**WORK TO BE COMPLETED**:
However many lines the data holds, transcribe them all exactly.

Saved data entries
------------------------------------

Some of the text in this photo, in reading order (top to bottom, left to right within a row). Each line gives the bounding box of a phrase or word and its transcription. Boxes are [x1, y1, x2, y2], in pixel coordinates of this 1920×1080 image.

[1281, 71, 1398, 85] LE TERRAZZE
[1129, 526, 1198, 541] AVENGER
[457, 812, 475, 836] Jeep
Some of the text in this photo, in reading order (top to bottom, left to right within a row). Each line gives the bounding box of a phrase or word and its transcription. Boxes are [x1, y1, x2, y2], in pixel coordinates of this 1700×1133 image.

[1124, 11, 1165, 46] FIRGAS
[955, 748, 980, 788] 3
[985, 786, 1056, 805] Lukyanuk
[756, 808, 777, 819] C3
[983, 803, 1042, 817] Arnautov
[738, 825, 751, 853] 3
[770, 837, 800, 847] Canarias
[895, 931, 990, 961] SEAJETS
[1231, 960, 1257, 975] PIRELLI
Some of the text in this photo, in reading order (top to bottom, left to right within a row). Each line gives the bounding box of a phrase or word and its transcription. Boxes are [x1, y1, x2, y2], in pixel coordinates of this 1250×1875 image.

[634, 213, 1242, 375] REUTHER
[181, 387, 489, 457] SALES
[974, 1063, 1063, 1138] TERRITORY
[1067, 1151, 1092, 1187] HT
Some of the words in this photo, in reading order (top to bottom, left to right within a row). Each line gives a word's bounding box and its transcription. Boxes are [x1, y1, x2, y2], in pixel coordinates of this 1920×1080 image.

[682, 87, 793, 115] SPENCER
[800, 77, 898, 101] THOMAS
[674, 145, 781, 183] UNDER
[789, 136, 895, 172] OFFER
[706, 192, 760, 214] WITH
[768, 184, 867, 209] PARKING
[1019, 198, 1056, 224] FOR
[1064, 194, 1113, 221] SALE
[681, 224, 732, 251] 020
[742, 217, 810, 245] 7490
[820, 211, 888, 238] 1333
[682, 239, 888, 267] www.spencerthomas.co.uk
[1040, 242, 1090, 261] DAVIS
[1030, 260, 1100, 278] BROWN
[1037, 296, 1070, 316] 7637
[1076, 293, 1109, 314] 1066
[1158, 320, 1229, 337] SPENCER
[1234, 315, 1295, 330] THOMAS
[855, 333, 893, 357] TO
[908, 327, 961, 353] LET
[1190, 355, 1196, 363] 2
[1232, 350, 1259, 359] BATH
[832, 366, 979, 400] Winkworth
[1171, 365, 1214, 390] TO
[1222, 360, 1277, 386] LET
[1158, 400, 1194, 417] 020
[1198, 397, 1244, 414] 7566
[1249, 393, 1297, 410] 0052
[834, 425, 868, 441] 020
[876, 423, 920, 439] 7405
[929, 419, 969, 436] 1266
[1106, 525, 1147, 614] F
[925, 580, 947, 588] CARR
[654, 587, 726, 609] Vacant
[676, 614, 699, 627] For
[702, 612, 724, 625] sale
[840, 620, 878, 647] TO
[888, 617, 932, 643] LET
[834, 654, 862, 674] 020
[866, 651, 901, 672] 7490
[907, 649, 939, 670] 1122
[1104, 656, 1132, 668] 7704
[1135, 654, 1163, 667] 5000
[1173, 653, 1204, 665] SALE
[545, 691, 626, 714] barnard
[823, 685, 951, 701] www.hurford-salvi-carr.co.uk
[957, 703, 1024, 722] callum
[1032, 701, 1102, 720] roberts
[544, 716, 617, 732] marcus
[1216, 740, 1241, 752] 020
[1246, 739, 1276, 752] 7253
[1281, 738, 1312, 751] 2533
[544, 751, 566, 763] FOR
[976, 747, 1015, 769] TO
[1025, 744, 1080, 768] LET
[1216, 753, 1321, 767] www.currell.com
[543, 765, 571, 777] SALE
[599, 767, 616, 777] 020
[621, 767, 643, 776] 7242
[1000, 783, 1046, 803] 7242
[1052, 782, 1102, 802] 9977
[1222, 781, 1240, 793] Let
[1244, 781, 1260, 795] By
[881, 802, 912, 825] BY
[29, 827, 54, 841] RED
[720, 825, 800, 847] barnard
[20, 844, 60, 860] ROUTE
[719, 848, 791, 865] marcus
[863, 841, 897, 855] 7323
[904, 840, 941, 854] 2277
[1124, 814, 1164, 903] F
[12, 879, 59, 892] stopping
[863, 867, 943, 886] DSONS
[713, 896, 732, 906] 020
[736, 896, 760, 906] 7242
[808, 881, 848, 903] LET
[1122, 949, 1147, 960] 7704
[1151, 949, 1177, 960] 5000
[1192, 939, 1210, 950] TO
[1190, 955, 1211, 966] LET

------------------------------------

**ANSWER AREA**:
Some of the text in this photo, in reading order (top to bottom, left to right within a row). Each line gives the bounding box of a phrase or word and its transcription. Boxes are [x1, y1, x2, y2], in pixel coordinates of this 1920×1080 image.

[1281, 71, 1398, 85] LE TERRAZZE
[1129, 526, 1198, 541] AVENGER
[457, 812, 475, 836] Jeep
Some of the text in this photo, in reading order (top to bottom, left to right within a row). Each line gives the bounding box of a phrase or word and its transcription. Boxes are [x1, y1, x2, y2], in pixel coordinates of this 1700×1133 image.

[1124, 11, 1165, 46] FIRGAS
[955, 748, 980, 788] 3
[985, 786, 1056, 805] Lukyanuk
[756, 808, 777, 819] C3
[983, 803, 1042, 817] Arnautov
[738, 825, 751, 853] 3
[770, 837, 800, 847] Canarias
[895, 931, 990, 961] SEAJETS
[1231, 960, 1257, 975] PIRELLI
Some of the text in this photo, in reading order (top to bottom, left to right within a row). Each line gives the bounding box of a phrase or word and its transcription. Boxes are [x1, y1, x2, y2], in pixel coordinates of this 1250×1875 image.

[634, 213, 1242, 375] REUTHER
[181, 387, 489, 457] SALES
[974, 1063, 1063, 1138] TERRITORY
[1067, 1151, 1092, 1187] HT
Some of the words in this photo, in reading order (top to bottom, left to right within a row). Each line gives a word's bounding box and its transcription. Boxes are [x1, y1, x2, y2], in pixel coordinates of this 1920×1080 image.

[682, 87, 793, 115] SPENCER
[800, 77, 898, 101] THOMAS
[674, 145, 781, 183] UNDER
[789, 136, 895, 172] OFFER
[706, 192, 760, 214] WITH
[768, 184, 867, 209] PARKING
[1019, 198, 1056, 224] FOR
[1064, 194, 1113, 221] SALE
[681, 224, 732, 251] 020
[742, 217, 810, 245] 7490
[820, 211, 888, 238] 1333
[682, 239, 888, 267] www.spencerthomas.co.uk
[1040, 242, 1090, 261] DAVIS
[1030, 260, 1100, 278] BROWN
[1037, 296, 1070, 316] 7637
[1076, 293, 1109, 314] 1066
[1158, 320, 1229, 337] SPENCER
[1234, 315, 1295, 330] THOMAS
[855, 333, 893, 357] TO
[908, 327, 961, 353] LET
[1190, 355, 1196, 363] 2
[1232, 350, 1259, 359] BATH
[832, 366, 979, 400] Winkworth
[1171, 365, 1214, 390] TO
[1222, 360, 1277, 386] LET
[1158, 400, 1194, 417] 020
[1198, 397, 1244, 414] 7566
[1249, 393, 1297, 410] 0052
[834, 425, 868, 441] 020
[876, 423, 920, 439] 7405
[929, 419, 969, 436] 1266
[1106, 525, 1147, 614] F
[925, 580, 947, 588] CARR
[654, 587, 726, 609] Vacant
[676, 614, 699, 627] For
[702, 612, 724, 625] sale
[840, 620, 878, 647] TO
[888, 617, 932, 643] LET
[834, 654, 862, 674] 020
[866, 651, 901, 672] 7490
[907, 649, 939, 670] 1122
[1104, 656, 1132, 668] 7704
[1135, 654, 1163, 667] 5000
[1173, 653, 1204, 665] SALE
[545, 691, 626, 714] barnard
[823, 685, 951, 701] www.hurford-salvi-carr.co.uk
[957, 703, 1024, 722] callum
[1032, 701, 1102, 720] roberts
[544, 716, 617, 732] marcus
[1216, 740, 1241, 752] 020
[1246, 739, 1276, 752] 7253
[1281, 738, 1312, 751] 2533
[544, 751, 566, 763] FOR
[976, 747, 1015, 769] TO
[1025, 744, 1080, 768] LET
[1216, 753, 1321, 767] www.currell.com
[543, 765, 571, 777] SALE
[599, 767, 616, 777] 020
[621, 767, 643, 776] 7242
[1000, 783, 1046, 803] 7242
[1052, 782, 1102, 802] 9977
[1222, 781, 1240, 793] Let
[1244, 781, 1260, 795] By
[881, 802, 912, 825] BY
[29, 827, 54, 841] RED
[720, 825, 800, 847] barnard
[20, 844, 60, 860] ROUTE
[719, 848, 791, 865] marcus
[863, 841, 897, 855] 7323
[904, 840, 941, 854] 2277
[1124, 814, 1164, 903] F
[12, 879, 59, 892] stopping
[863, 867, 943, 886] DSONS
[713, 896, 732, 906] 020
[736, 896, 760, 906] 7242
[808, 881, 848, 903] LET
[1122, 949, 1147, 960] 7704
[1151, 949, 1177, 960] 5000
[1192, 939, 1210, 950] TO
[1190, 955, 1211, 966] LET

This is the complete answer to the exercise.